(Items listed in a dataset)

Start of Block

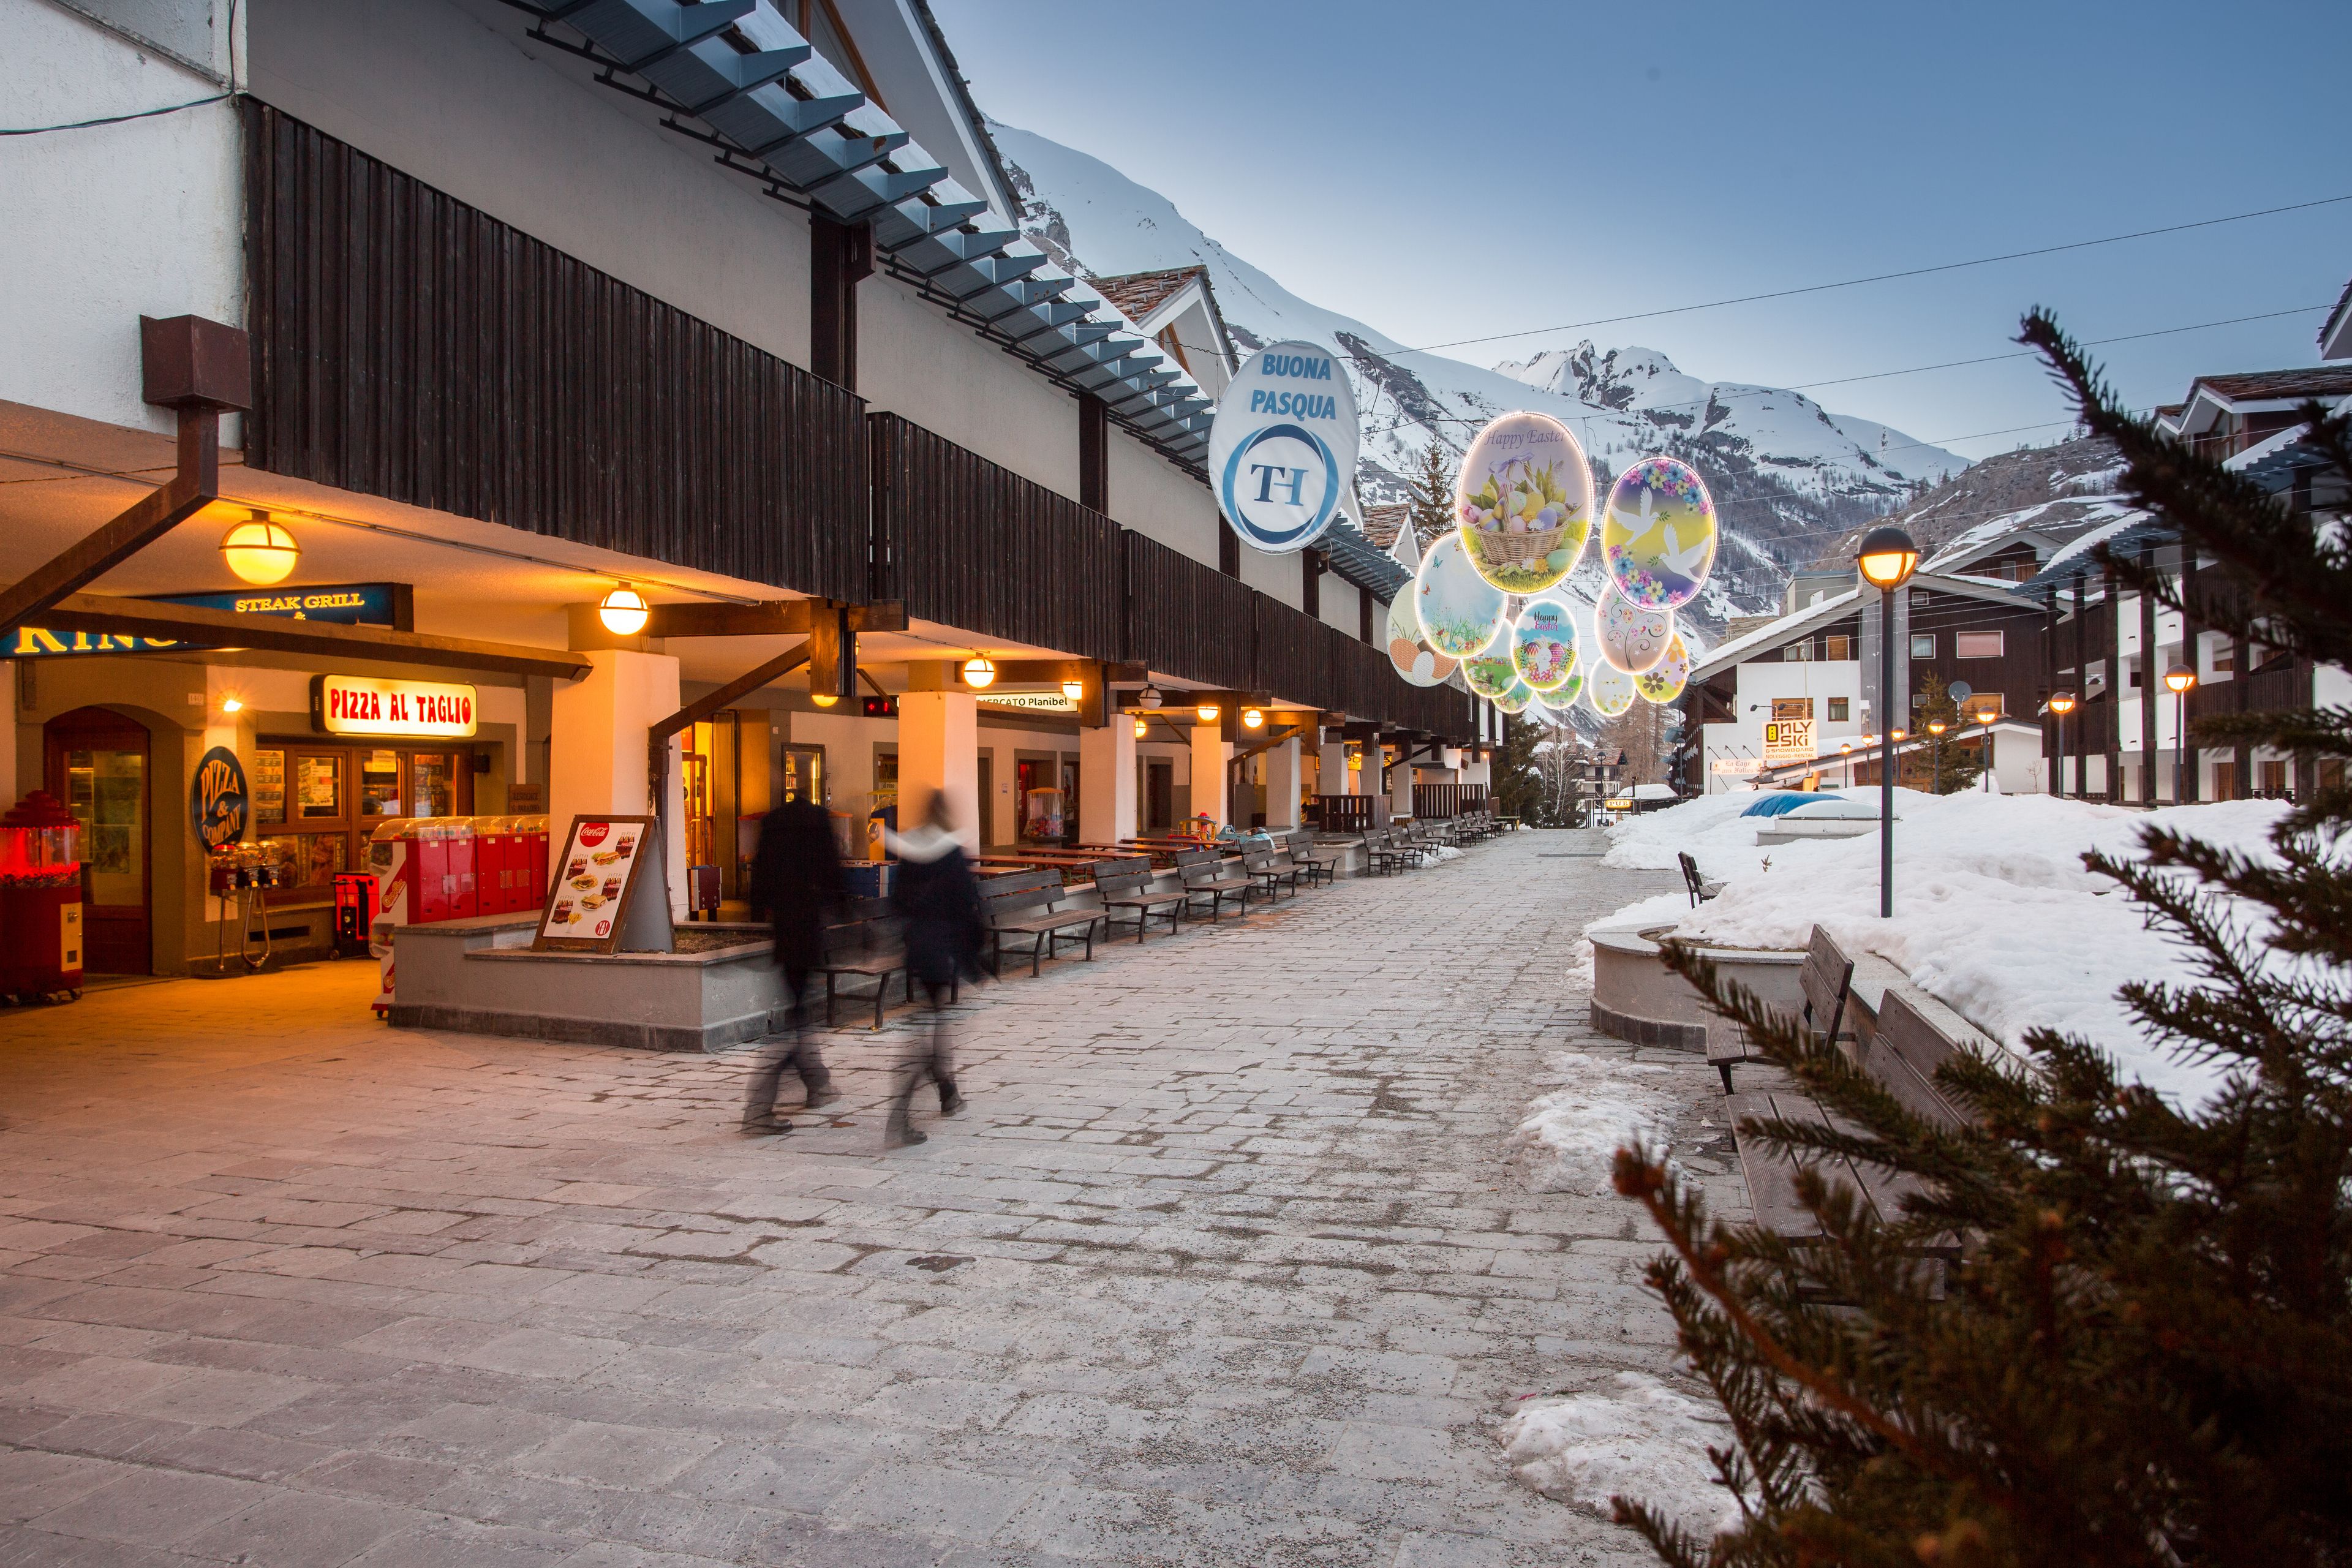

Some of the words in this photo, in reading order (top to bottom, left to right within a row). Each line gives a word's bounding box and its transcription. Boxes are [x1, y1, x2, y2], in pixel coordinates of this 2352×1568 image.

[1261, 353, 1331, 380] BUONA
[1250, 390, 1336, 422] PASQUA
[1484, 430, 1524, 450] Happy
[1250, 464, 1309, 506] TH
[235, 597, 301, 612] STEAK
[304, 593, 365, 609] GRILL
[1534, 611, 1558, 624] Happy
[1534, 620, 1558, 631] Easter
[331, 688, 381, 720] PIZZA
[390, 692, 408, 721] AL
[416, 695, 471, 725] TAGLIO
[1028, 697, 1068, 706] Planibel
[201, 760, 240, 824] PIZZA
[217, 801, 229, 817] &
[202, 804, 241, 845] COMPANY
[581, 827, 608, 837] Coca-Cola
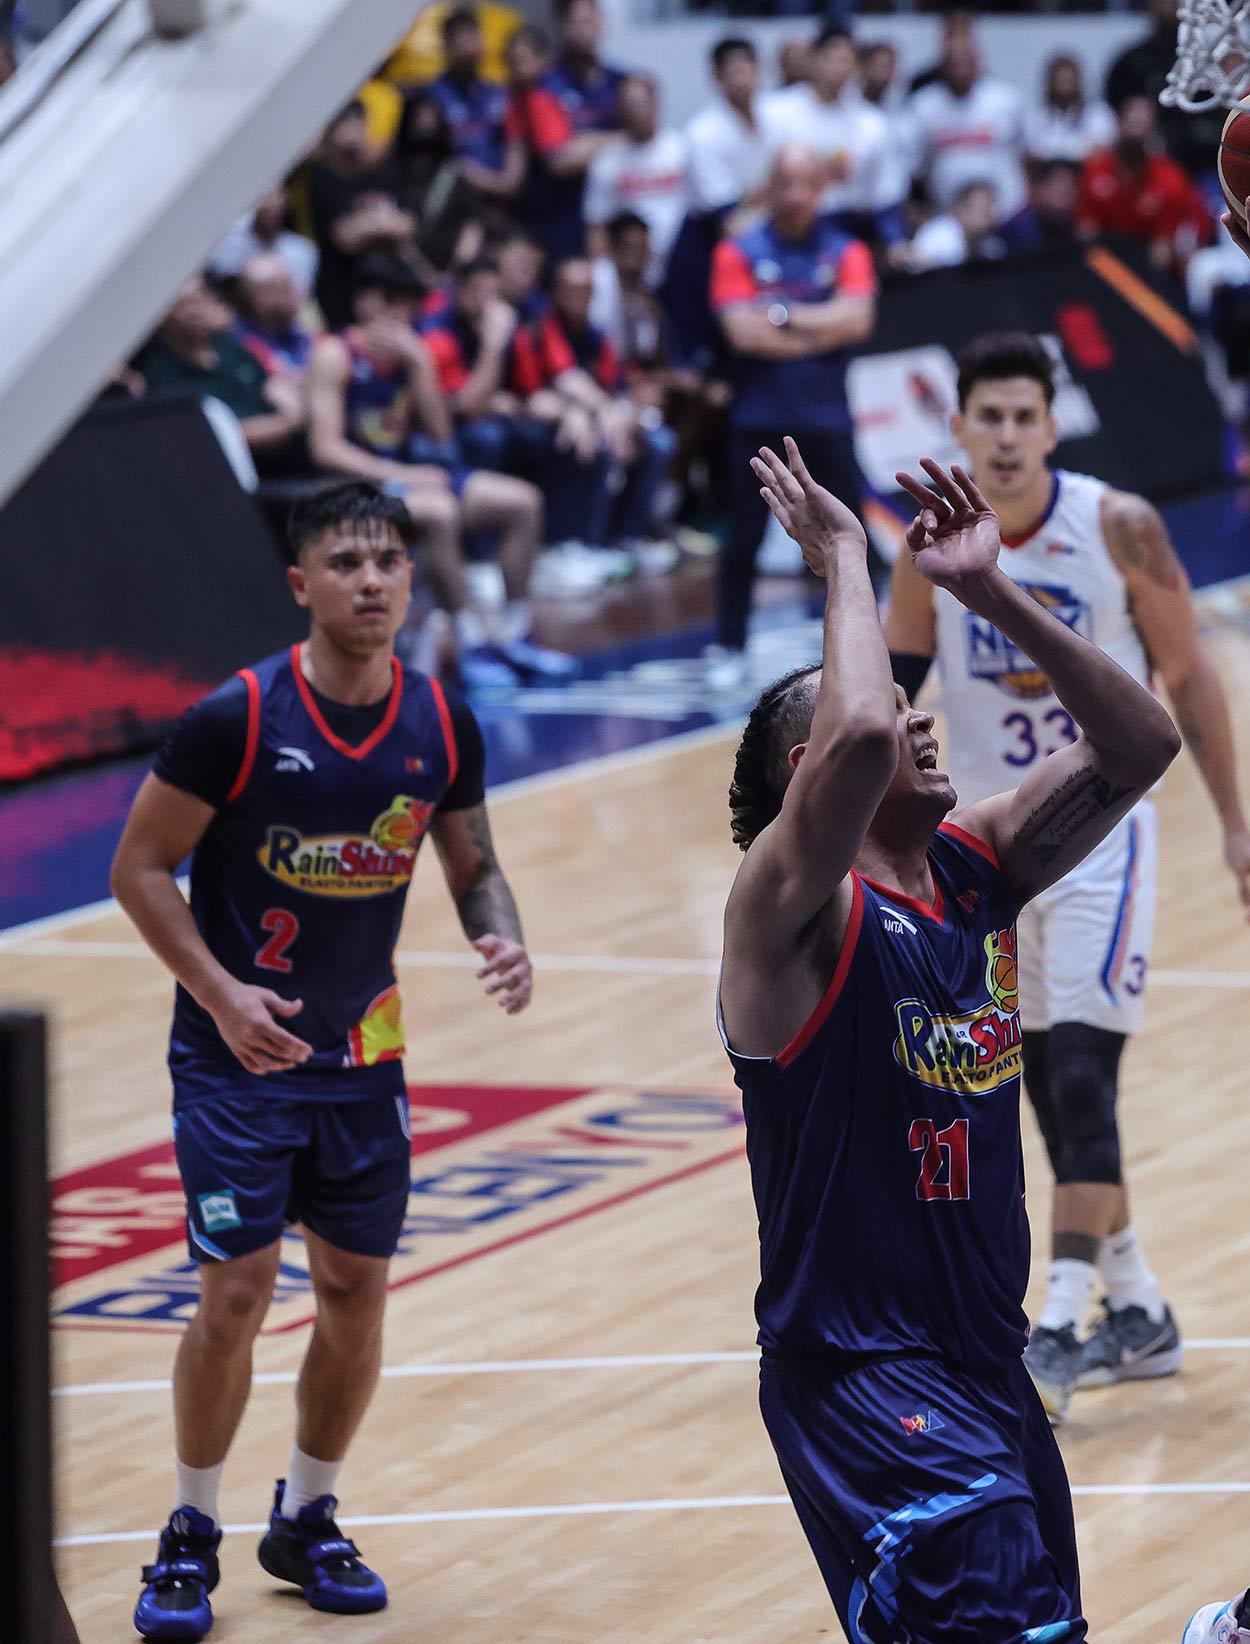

End of Block

_Task prompt_.
Omit each image and transcribe the remaining records word for word.

_Result below_.
Some of the words in this photo, in reading order (top to bottom, left to right within a row). Each line gives a word's bounding box and its transcription. Boxes are [x1, y1, x2, y2], in pixel coordinates of this 2352×1568 image.

[1261, 353, 1331, 380] BUONA
[1250, 390, 1336, 422] PASQUA
[1484, 430, 1524, 450] Happy
[1250, 464, 1309, 506] TH
[235, 597, 301, 612] STEAK
[304, 593, 365, 609] GRILL
[1534, 611, 1558, 624] Happy
[1534, 620, 1558, 631] Easter
[331, 688, 381, 720] PIZZA
[390, 692, 408, 721] AL
[416, 695, 471, 725] TAGLIO
[1028, 697, 1068, 706] Planibel
[201, 760, 240, 824] PIZZA
[217, 801, 229, 817] &
[202, 804, 241, 845] COMPANY
[581, 827, 608, 837] Coca-Cola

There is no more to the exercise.